• [What is needed]: If a record contains a picture, leave the picture out and copy everything else exactly.

• [Dataset content]:
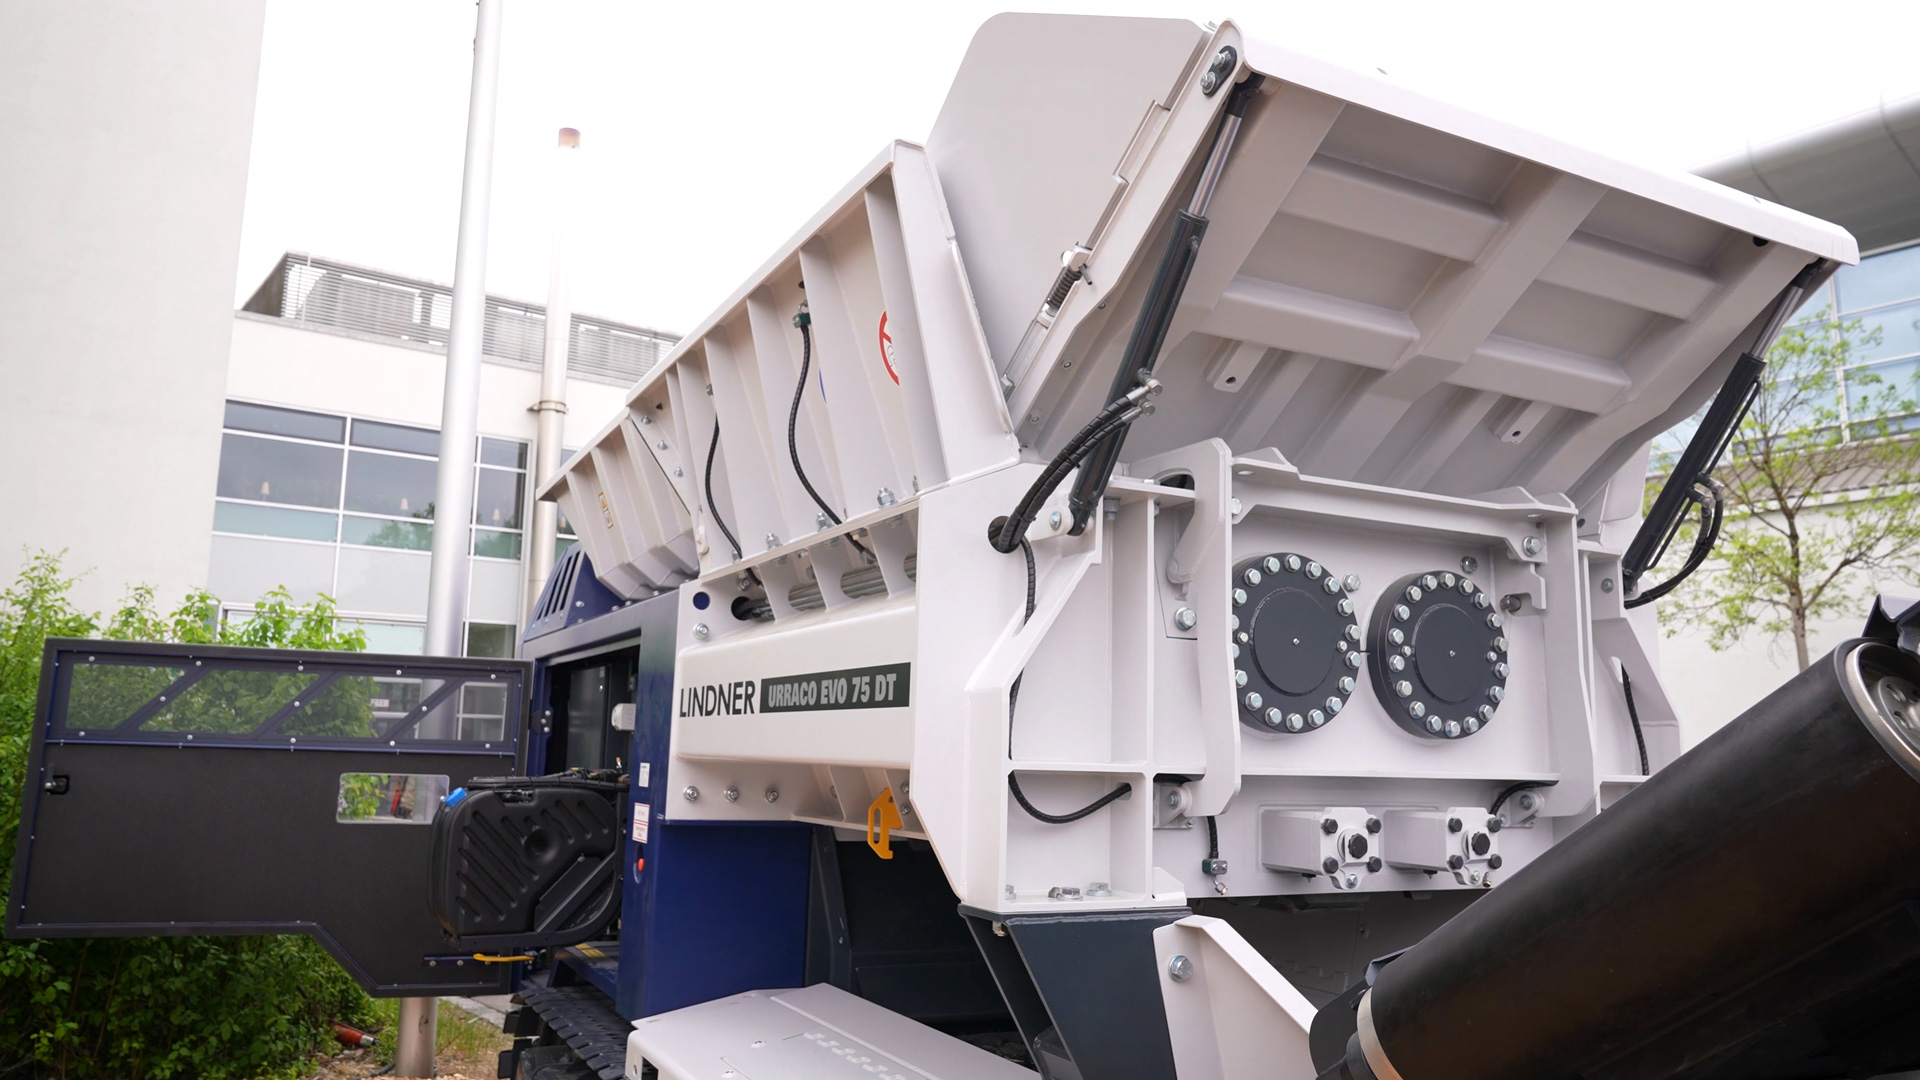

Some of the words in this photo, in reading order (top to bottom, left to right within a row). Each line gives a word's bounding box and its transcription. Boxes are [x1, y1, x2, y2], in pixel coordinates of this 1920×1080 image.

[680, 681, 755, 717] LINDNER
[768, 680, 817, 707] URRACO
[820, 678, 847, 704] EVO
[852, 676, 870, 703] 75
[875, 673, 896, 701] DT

• [Your solution]:
Some of the words in this photo, in reading order (top to bottom, left to right within a row). Each line gives a word's bounding box and its transcription. Boxes are [x1, y1, x2, y2], in pixel coordinates of this 1920×1080 image.

[680, 681, 755, 717] LINDNER
[768, 680, 817, 707] URRACO
[820, 678, 847, 704] EVO
[852, 676, 870, 703] 75
[875, 673, 896, 701] DT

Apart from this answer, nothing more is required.